An important finding in the present study was that the high crude 28-day ICU mortality rate (54%) of patients with CR-AB infection, which could be attributed to the underlying disease severity, as the 28-day ICU mortality in the control group was also high (52%). [26] These findings justify the effort to reduce the nosocomial transmission of CR-AB. In addition to the decreased mortality and the economic benefits that would result from reducing CR-AB infections, such efforts may also provide benefits in reducing the risk of transmission of other multiresistant organisms and the use of broad-spectrum antibiotics.

Finally, in consistence with other studies, [27,28] it was found that CR-AB infection was not associated with 28-day ICU mortality.

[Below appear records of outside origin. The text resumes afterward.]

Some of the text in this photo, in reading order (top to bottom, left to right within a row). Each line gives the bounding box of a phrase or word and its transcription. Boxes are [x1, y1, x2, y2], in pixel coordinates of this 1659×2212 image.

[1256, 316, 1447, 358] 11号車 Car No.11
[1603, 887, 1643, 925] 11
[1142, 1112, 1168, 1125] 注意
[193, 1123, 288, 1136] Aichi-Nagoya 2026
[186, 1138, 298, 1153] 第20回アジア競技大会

However, APACHE II score at admission, use of gastric ulcer prophylaxis drugs were significantly associated with 28-day ICU mortality in a multivariate model. These factors related to disease severity and are largely unmodifiable. The protective relationship between tracheotomy and ICU mortality highlights the benefits of tracheotomy and such invasive procedures should be encouraged in order to decrease the high 28-day ICU mortality of studied population.

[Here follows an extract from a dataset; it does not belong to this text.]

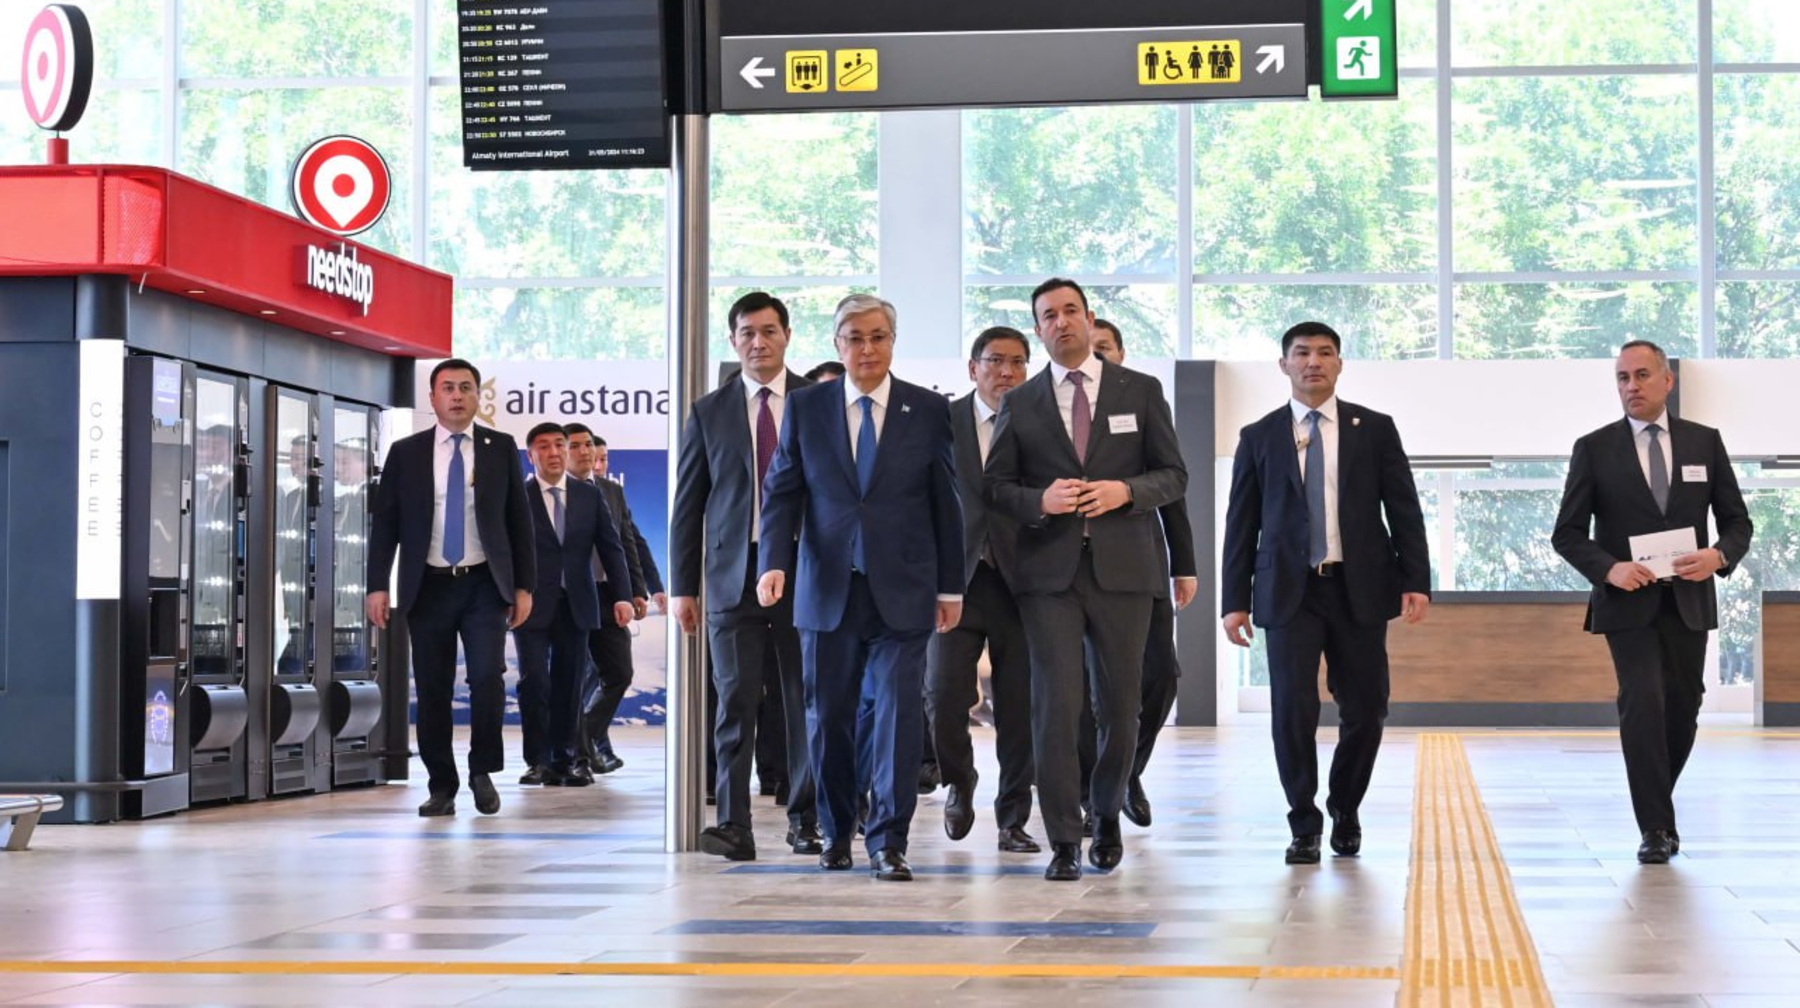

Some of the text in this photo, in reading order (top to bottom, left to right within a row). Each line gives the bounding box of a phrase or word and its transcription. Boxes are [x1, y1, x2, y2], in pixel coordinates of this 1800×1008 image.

[472, 150, 569, 160] Almaty International Airport
[307, 241, 373, 318] needstop
[506, 381, 669, 415] air astana
[88, 402, 103, 536] COFFEE

The strengths of our study were the sound selection of controls matched to the cases on APACHE score, age and length of ICU stay that limit the possibility of selection bias, and the study of multiple risk factors for CR-AB infection. We had also several potential limitations. The sample was relatively small and this led to several large confidence intervals, although this is a common problem in studies assessing risk factors for infections because of multidrug-resistant microorganisms. Moreover, the study was performed at one ICU, and the results may not be generalized to other settings. Our findings highlight the need for a multicentre study involving a larger number of patients.

Conclusion

In conclusion, this matched case-control study verified a large incidence, incidence density and 28-day ICU mortality due to CR-AB infection, which justify the continued study of this common infectious disease problem. Previous exposure to more than three different antibiotic classes was the only independent risk factor for the development of CR-AB infection. CR-AB infection was not associated with 28-day ICU mortality before or after adjustment for several other risk factors. Special attention should be paid to infection control practices and prudent antibiotic use in ICUs, where CR-AB infections are endemic. Large multicentre studies of CR-AB infection are further warranted.